- Task prompt: Apart from the images, the records below need to be copied exactly.

- Given records:
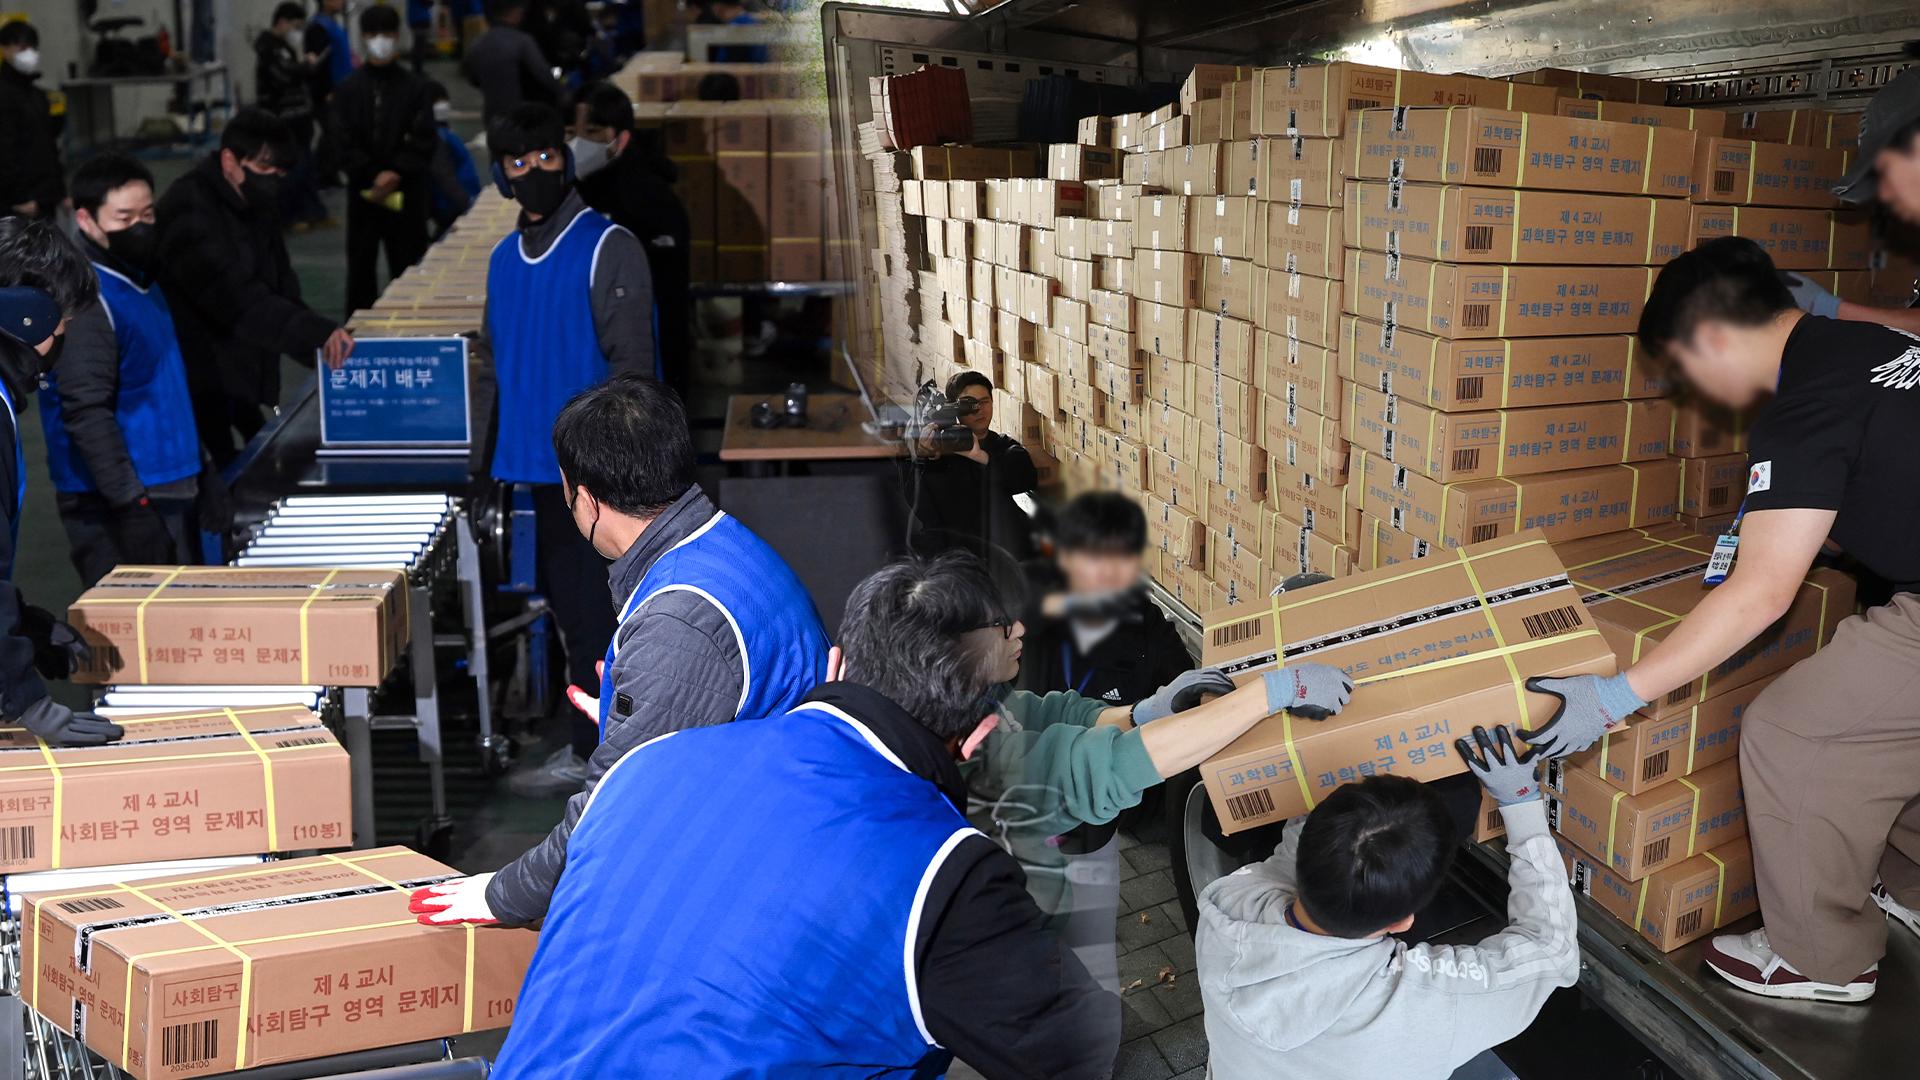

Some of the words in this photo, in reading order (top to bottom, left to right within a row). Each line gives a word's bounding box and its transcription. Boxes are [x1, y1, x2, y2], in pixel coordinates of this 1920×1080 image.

[1354, 76, 1393, 92] 사회탐구
[1483, 125, 1522, 142] 과학탐구
[1569, 135, 1579, 149] 제
[1582, 137, 1587, 148] 4
[1591, 138, 1610, 153] 교시
[1530, 152, 1576, 170] 과학탐구
[1582, 155, 1604, 173] 영역
[1609, 159, 1641, 176] 문제지
[1473, 203, 1514, 219] 과학탐구
[1560, 209, 1570, 224] 제
[1573, 210, 1579, 224] 4
[1582, 211, 1602, 226] 교시
[1521, 228, 1568, 246] 과학탐구
[1574, 230, 1597, 246] 영역
[1602, 231, 1634, 247] 문제지
[1557, 284, 1567, 297] 제
[1570, 285, 1576, 296] 4
[1579, 284, 1599, 299] 교시
[1519, 303, 1565, 318] 과학탐구
[1570, 302, 1592, 317] 영역
[1599, 301, 1631, 316] 문제지
[1464, 355, 1504, 370] 과학탐구
[1549, 354, 1559, 368] 제
[1562, 355, 1568, 366] 4
[1571, 353, 1591, 367] 교시
[330, 368, 387, 389] 문제지
[395, 367, 434, 389] 배부
[1512, 372, 1557, 389] 과학탐구
[1563, 372, 1585, 386] 영역
[1591, 369, 1623, 385] 문제지
[1460, 426, 1500, 441] 과학탐구
[1545, 423, 1555, 436] 제
[1558, 423, 1564, 434] 4
[1568, 421, 1587, 434] 교시
[1508, 441, 1552, 459] 과학탐구
[1559, 439, 1580, 454] 영역
[1586, 435, 1618, 450] 문제지
[1560, 494, 1569, 507] 제
[1572, 494, 1577, 504] 4
[1581, 489, 1600, 504] 교시
[1480, 501, 1518, 516] 과학탐구
[1524, 512, 1568, 530] 과학탐구
[1572, 508, 1593, 523] 영역
[1599, 502, 1629, 517] 문제지
[190, 627, 204, 641] 제
[208, 627, 217, 640] 4
[222, 626, 252, 642] 교시
[212, 646, 246, 664] 영역
[1375, 734, 1393, 751] 제
[1399, 730, 1409, 744] 4
[1415, 719, 1452, 742] 교시
[1650, 722, 1689, 745] 과학탐구
[1696, 724, 1740, 753] 과학탐구
[1229, 759, 1294, 787] 과학탐구
[1318, 755, 1397, 788] 과학탐구
[1407, 740, 1448, 766] 영역
[123, 793, 140, 812] 제
[146, 793, 156, 810] 4
[163, 788, 200, 808] 교시
[60, 819, 140, 843] 사회탐구
[152, 814, 192, 837] 영역
[204, 807, 265, 833] 문제지
[1652, 807, 1691, 833] 과학탐구
[1699, 805, 1745, 836] 과학탐구
[43, 963, 75, 997] 사회탐구
[313, 973, 332, 996] 제
[338, 972, 350, 990] 4
[355, 965, 395, 989] 교시
[172, 982, 239, 1007] 사회탐구
[246, 1004, 331, 1038] 사회탐구
[343, 995, 384, 1023] 영역
[398, 983, 460, 1014] 문제지
[170, 1060, 210, 1073] 20264100

- Solution to the problem:
Some of the words in this photo, in reading order (top to bottom, left to right within a row). Each line gives a word's bounding box and its transcription. Boxes are [x1, y1, x2, y2], in pixel coordinates of this 1920×1080 image.

[1354, 76, 1393, 92] 사회탐구
[1483, 125, 1522, 142] 과학탐구
[1569, 135, 1579, 149] 제
[1582, 137, 1587, 148] 4
[1591, 138, 1610, 153] 교시
[1530, 152, 1576, 170] 과학탐구
[1582, 155, 1604, 173] 영역
[1609, 159, 1641, 176] 문제지
[1473, 203, 1514, 219] 과학탐구
[1560, 209, 1570, 224] 제
[1573, 210, 1579, 224] 4
[1582, 211, 1602, 226] 교시
[1521, 228, 1568, 246] 과학탐구
[1574, 230, 1597, 246] 영역
[1602, 231, 1634, 247] 문제지
[1557, 284, 1567, 297] 제
[1570, 285, 1576, 296] 4
[1579, 284, 1599, 299] 교시
[1519, 303, 1565, 318] 과학탐구
[1570, 302, 1592, 317] 영역
[1599, 301, 1631, 316] 문제지
[1464, 355, 1504, 370] 과학탐구
[1549, 354, 1559, 368] 제
[1562, 355, 1568, 366] 4
[1571, 353, 1591, 367] 교시
[330, 368, 387, 389] 문제지
[395, 367, 434, 389] 배부
[1512, 372, 1557, 389] 과학탐구
[1563, 372, 1585, 386] 영역
[1591, 369, 1623, 385] 문제지
[1460, 426, 1500, 441] 과학탐구
[1545, 423, 1555, 436] 제
[1558, 423, 1564, 434] 4
[1568, 421, 1587, 434] 교시
[1508, 441, 1552, 459] 과학탐구
[1559, 439, 1580, 454] 영역
[1586, 435, 1618, 450] 문제지
[1560, 494, 1569, 507] 제
[1572, 494, 1577, 504] 4
[1581, 489, 1600, 504] 교시
[1480, 501, 1518, 516] 과학탐구
[1524, 512, 1568, 530] 과학탐구
[1572, 508, 1593, 523] 영역
[1599, 502, 1629, 517] 문제지
[190, 627, 204, 641] 제
[208, 627, 217, 640] 4
[222, 626, 252, 642] 교시
[212, 646, 246, 664] 영역
[1375, 734, 1393, 751] 제
[1399, 730, 1409, 744] 4
[1415, 719, 1452, 742] 교시
[1650, 722, 1689, 745] 과학탐구
[1696, 724, 1740, 753] 과학탐구
[1229, 759, 1294, 787] 과학탐구
[1318, 755, 1397, 788] 과학탐구
[1407, 740, 1448, 766] 영역
[123, 793, 140, 812] 제
[146, 793, 156, 810] 4
[163, 788, 200, 808] 교시
[60, 819, 140, 843] 사회탐구
[152, 814, 192, 837] 영역
[204, 807, 265, 833] 문제지
[1652, 807, 1691, 833] 과학탐구
[1699, 805, 1745, 836] 과학탐구
[43, 963, 75, 997] 사회탐구
[313, 973, 332, 996] 제
[338, 972, 350, 990] 4
[355, 965, 395, 989] 교시
[172, 982, 239, 1007] 사회탐구
[246, 1004, 331, 1038] 사회탐구
[343, 995, 384, 1023] 영역
[398, 983, 460, 1014] 문제지
[170, 1060, 210, 1073] 20264100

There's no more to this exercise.